When your To Do list doesn’t stop growing, how do you plan what to do first? Knowing which tasks are urgent and which are important will help you prioritise what to work on first.

Understand What’s Important

Important tasks are:

  • Things that contribute directly to achieving your personal objectives
  • Things that contribute to the success of your department or team
  • Often projects.

Highly important tasks are things like building relationships within your organisation, or with suppliers, planning and strategising and identifying new opportunities. Important work can also involve issues with a tight deadline such as dealing with a crisis or an upcoming deadline that can’t be moved.

Sometimes you’ll have to take a judgement call on what’s important. It might be important to get those meeting minutes finished, or it may be OK to let them slide for a bit while you work on something else.

Tasks that aren’t important are things like dealing with trivia at work. You can probably identify a whole load of emails and calls you’ve had into the office this week that don’t count as important and yet took up a lot of your time!

Understand What’s Urgent

Urgent tasks are:

  • Things that have to be completed soon to avoid a negative impact
  • Things that are often quick to complete.

Urgent work has to be completed in a short time period. You generally have to judge what’s urgent based on your knowledge of the situation. Some interruptions will be urgent, for example being called to join a meeting at short notice. Some correspondence will be urgent, as will be dealing with today’s crisis.

Returning phone calls and dealing with emails are not, in the main, urgent tasks, but it does depend on the message!

Plan Your Focus

This chart shows how you can plot your work on the twin scales of urgency and importance.

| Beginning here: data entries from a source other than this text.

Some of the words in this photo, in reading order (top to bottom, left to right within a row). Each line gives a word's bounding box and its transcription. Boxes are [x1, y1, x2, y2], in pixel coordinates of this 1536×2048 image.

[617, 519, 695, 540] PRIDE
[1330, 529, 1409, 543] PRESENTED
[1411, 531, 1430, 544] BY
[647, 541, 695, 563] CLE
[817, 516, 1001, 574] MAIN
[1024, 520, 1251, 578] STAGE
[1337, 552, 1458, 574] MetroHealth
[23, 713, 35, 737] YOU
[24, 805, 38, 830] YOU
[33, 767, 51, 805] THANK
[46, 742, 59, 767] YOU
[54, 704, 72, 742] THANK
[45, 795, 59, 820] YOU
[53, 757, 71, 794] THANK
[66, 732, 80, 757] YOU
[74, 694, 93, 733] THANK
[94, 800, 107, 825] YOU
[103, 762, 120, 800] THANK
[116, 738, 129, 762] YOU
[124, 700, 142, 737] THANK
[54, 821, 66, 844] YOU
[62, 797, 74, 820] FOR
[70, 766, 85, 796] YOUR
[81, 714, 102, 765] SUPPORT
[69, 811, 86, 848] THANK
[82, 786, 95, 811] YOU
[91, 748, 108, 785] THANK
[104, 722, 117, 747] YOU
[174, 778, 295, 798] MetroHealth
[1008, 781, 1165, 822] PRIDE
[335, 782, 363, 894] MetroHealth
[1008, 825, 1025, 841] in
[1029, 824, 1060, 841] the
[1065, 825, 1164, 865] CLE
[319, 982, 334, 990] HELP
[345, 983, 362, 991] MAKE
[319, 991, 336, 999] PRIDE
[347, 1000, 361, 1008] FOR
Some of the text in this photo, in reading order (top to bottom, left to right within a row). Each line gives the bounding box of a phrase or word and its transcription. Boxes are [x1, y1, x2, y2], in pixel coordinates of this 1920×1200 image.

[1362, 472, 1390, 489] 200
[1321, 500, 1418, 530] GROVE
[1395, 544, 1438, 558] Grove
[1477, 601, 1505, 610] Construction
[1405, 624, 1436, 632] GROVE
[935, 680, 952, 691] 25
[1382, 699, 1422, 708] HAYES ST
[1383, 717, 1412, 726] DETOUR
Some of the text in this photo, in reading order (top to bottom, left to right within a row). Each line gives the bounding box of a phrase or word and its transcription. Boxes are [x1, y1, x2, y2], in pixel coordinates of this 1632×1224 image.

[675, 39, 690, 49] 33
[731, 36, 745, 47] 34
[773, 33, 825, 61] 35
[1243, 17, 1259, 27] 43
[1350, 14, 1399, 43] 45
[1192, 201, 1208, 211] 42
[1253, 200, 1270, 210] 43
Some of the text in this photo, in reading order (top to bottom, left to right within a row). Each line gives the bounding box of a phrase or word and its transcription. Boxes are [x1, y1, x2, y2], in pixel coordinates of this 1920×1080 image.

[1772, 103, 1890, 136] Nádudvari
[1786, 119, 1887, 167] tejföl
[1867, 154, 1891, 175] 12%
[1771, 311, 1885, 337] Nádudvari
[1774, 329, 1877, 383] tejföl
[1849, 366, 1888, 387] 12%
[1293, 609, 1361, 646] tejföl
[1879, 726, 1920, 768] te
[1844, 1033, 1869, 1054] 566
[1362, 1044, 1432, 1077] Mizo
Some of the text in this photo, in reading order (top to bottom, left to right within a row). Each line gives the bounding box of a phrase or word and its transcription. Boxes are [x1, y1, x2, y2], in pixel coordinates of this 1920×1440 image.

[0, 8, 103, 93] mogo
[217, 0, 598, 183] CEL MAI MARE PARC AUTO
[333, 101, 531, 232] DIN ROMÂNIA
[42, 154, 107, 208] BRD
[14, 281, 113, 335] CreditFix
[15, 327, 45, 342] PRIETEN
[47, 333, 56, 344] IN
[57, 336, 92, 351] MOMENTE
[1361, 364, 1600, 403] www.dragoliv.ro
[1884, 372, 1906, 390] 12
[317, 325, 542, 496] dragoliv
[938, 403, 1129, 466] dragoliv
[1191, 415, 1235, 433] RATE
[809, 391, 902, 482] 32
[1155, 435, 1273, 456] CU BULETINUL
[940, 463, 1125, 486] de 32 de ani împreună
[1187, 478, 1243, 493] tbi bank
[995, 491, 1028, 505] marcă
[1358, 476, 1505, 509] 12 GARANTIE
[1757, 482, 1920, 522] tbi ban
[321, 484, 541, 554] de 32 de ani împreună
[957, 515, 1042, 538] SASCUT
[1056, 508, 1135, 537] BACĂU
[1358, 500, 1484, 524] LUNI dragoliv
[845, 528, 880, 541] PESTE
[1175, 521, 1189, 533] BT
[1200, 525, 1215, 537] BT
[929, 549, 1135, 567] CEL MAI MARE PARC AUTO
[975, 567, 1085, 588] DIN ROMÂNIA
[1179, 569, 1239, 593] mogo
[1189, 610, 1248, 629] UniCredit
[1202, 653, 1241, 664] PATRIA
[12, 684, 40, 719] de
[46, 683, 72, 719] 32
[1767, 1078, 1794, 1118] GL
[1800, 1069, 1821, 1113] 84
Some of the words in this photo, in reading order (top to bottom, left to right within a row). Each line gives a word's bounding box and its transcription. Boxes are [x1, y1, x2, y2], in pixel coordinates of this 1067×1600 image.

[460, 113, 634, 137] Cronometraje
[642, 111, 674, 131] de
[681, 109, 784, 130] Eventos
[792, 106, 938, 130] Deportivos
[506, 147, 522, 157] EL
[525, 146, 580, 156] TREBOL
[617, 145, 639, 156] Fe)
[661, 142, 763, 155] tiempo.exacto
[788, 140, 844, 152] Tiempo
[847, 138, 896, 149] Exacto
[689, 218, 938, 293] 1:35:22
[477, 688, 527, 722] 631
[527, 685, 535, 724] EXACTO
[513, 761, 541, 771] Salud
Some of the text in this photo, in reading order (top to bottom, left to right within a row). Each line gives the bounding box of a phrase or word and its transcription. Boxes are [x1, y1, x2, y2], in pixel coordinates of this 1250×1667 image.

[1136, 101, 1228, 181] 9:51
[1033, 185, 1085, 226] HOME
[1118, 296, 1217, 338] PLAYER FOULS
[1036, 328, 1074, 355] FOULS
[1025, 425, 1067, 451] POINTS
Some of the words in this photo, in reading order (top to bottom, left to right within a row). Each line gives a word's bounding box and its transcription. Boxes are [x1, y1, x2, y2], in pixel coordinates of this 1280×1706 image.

Think of the tasks you do, and where they fall on the continuum. This is how your To Do list will break down:

  • Important and urgent: Tasks to do soon to avoid a potential crisis. Your top priorities.
  • Important but not urgent: Tasks that are objectives of the ‘day job’.
  • Urgent but not important: Tasks that, if they are not done now, will cause disruption or a negative impact. Tasks for other people who need answers now.
  • Not important and not urgent: Tasks that are not essential to your objectives. Do you need to do these at all?

In summary, the high urgency, high importance tasks are the ones that should be priority, especially when time is tight. Ideally, the fewer urgent tasks you have the better, as that gives you time to focus on the important actions. These are normally the ones that help you meet strategic and operational goals and move forward.

Making the Tough Decisions

But what if everything is important? And everything is urgent?

Well, there’s a secret that helps you know what to do in that case.

The secret is: Not everything you are asked to do truly is important and urgent.

Call out your manager when the urgent list is getting too big.

“I’m already working on the report for the Remuneration Committee, which will take me until Tuesday. I can work on this new task after that. Or would you prefer that this got done first and the Committee report was finished on Thursday?”

“Can’t you do them both?”

“Yes, if Claire organises the long service lunch instead of me.”

There might be rolling of eyes. There might be sighs. But most normal, rational people will be fine when you help them prioritise the work like this.

The most common explanation for giving you more than it feels like you can handle is that they’ve forgotten what you already have to do. If you remind them of what’s on your To Do list at the moment, they’ll be reasonable in their expectations of what you can achieve.

Once you’ve been in your role for a while you’ll get a feel for what is truly urgent and what is just someone blustering. Push back, ask for more time, provide evidence as to why that time is needed and get a steer about what is critical from the people who can help. This is essential to give yourself the space you need to do a good job because multi-tasking is not the answer to a long To Do list.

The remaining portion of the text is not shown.